Chip Lindsey isn’t a superstar name. He’s not the splash offensive coordinator hire that many Auburn fans wanted to see from head coach Gus Malzahn. The fact he doesn’t have much Power 5 experience or even that he worked for Malzahn in the past frustrated a section of the Tigers faithful.
And don’t even get some fans started about how long the Lindsey hire took.
Some of those issues — in moderation — are valid. But when it comes to what Auburn needed in a replacement for Rhett Lashlee, Chip Lindsey should give the fan base more confidence than cynicism.
Malzahn laid out his three main criteria in his offensive coordinator search Saturday evening, several hours after announcing his hire of former Tigers analyst Lindsey from Arizona State.
“I just felt like I needed to find somebody that could develop and evaluate quarterbacks,” Malzahn said. “Felt like I needed somebody that I would feel comfortable turning over the offense to. I felt like I needed somebody that had a fit within the same philosophy: no huddle, run (and) play-action.”
Most of the rumored candidates in the search process had plenty of experience working with quarterbacks. Lindsey’s resume from high school all the way to the Pac-12 could stack up with almost any other quarterback developer on the short list. Nick Mullens was a Conference USA Player of the Year under him. Corey Robinson helped Troy win a Sun Belt title in 2010.
His pupils might not be as famous as Texas A&M’s Noel Mazzone, but they’re out there.
Malzahn also wanted someone he could trust with running the Auburn offense. Play-calling went a long way in that, as Malzahn planned to give his new coordinator the same responsibilities that Lashlee had for the final two-thirds of the 2016 season.
Popular candidate Mark Helfrich, former Oregon head coach, hadn’t done that in almost a decade. Clemson co-offensive coordinator Jeff Scott didn’t have that experience, either. But Lindsey got that at several stops, including the dramatic offensive turnaround he engineered at Southern Miss in 2014 and 2015.
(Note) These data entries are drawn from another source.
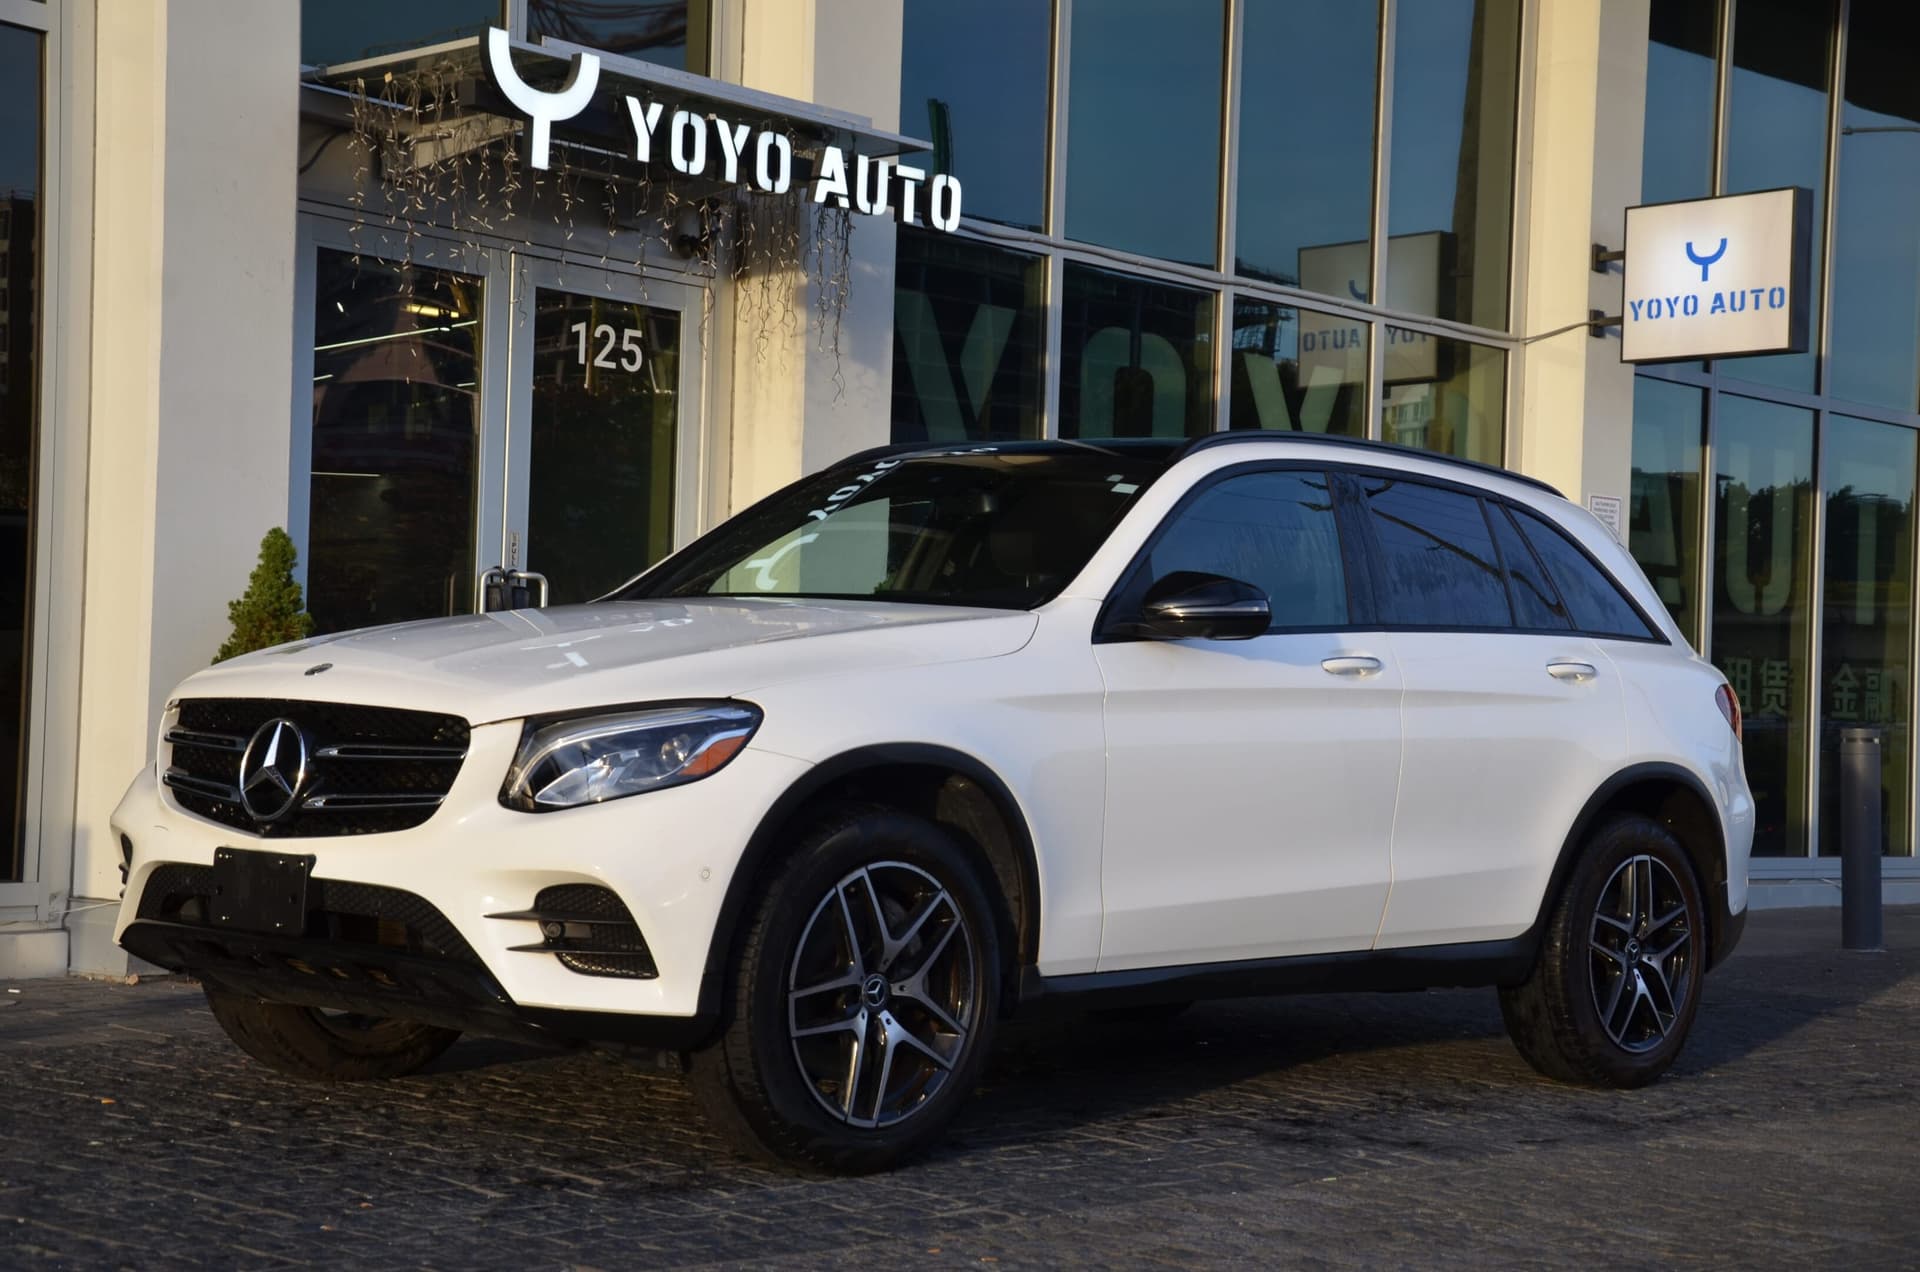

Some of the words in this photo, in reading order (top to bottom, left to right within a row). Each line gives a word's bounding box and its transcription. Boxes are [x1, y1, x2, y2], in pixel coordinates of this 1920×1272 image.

[625, 95, 792, 194] YOYO
[814, 145, 962, 233] AUTO
[1629, 294, 1699, 322] YOYO
[1710, 286, 1786, 315] AUTO
[571, 321, 643, 373] 125
Malzahn didn’t need to reinvent the wheel with this hire. He just needed to upgrade parts of it. Auburn had one of college football’s best rushing attacks last season with All-SEC running back Kamryn Pettway and the versatile Kerryon Johnson.
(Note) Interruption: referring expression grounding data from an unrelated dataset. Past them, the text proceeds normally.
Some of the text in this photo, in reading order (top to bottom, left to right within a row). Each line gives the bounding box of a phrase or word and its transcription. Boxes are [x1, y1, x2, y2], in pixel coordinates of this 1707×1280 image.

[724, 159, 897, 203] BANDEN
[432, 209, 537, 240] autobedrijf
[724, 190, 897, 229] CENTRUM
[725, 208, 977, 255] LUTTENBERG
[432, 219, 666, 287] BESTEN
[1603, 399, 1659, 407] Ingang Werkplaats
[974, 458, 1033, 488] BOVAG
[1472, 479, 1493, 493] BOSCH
“He was with me a year, and he understands the core philosophy,” Malzahn said. “I’m very excited about him coming in and kind of spicing up our offense.”
Lindsey, with his Air Raid background and previous experience under Malzahn, provides the right blend of compatibility and creativity for the Auburn offense. He’ll bring more complexity to the passing attack while helping Auburn stay true to its running roots.
“In 2015, we had two 1,000-yard rushers at Southern Miss,” Lindsey said. “I’m really proud of that. … At the end of the day we want to be a run, play-action team. That’s what we’ve always done. I think when you commit to that style of offense, trying to get the ball to your playmakers, good things are going to happen.”
So while Lindsey doesn’t have the name-brand value of others linked to Auburn’s coaching search, he has what Auburn needs.
Lindsey has familiarity with Malzahn without being a main branch of his coaching tree. The quarterback developer knows how to bring better run-pass balance to spread offenses without doing something completely different than what Malzahn runs.
(Remember that the last time Auburn made a drastic change in offensive scheme, it went 3-9 with Scot Loeffler.)
Auburn is fresh off a solid, non-splashy coordinator hire that gave its defense what it needed to get to the next level. And just like Kevin Steele a year ago, Lindsey inherits a strong base of returning talent that needs some necessary tweaks, not an overhaul.
Perhaps most importantly, Malzahn got his man. That’s important for staff chemistry and giving Malzahn what he thinks he needs to succeed in 2017.
The name Chip Lindsey won’t command a lot national attention right now.
But Auburn should be fine with that — especially if he can get that buzz when it actually matters.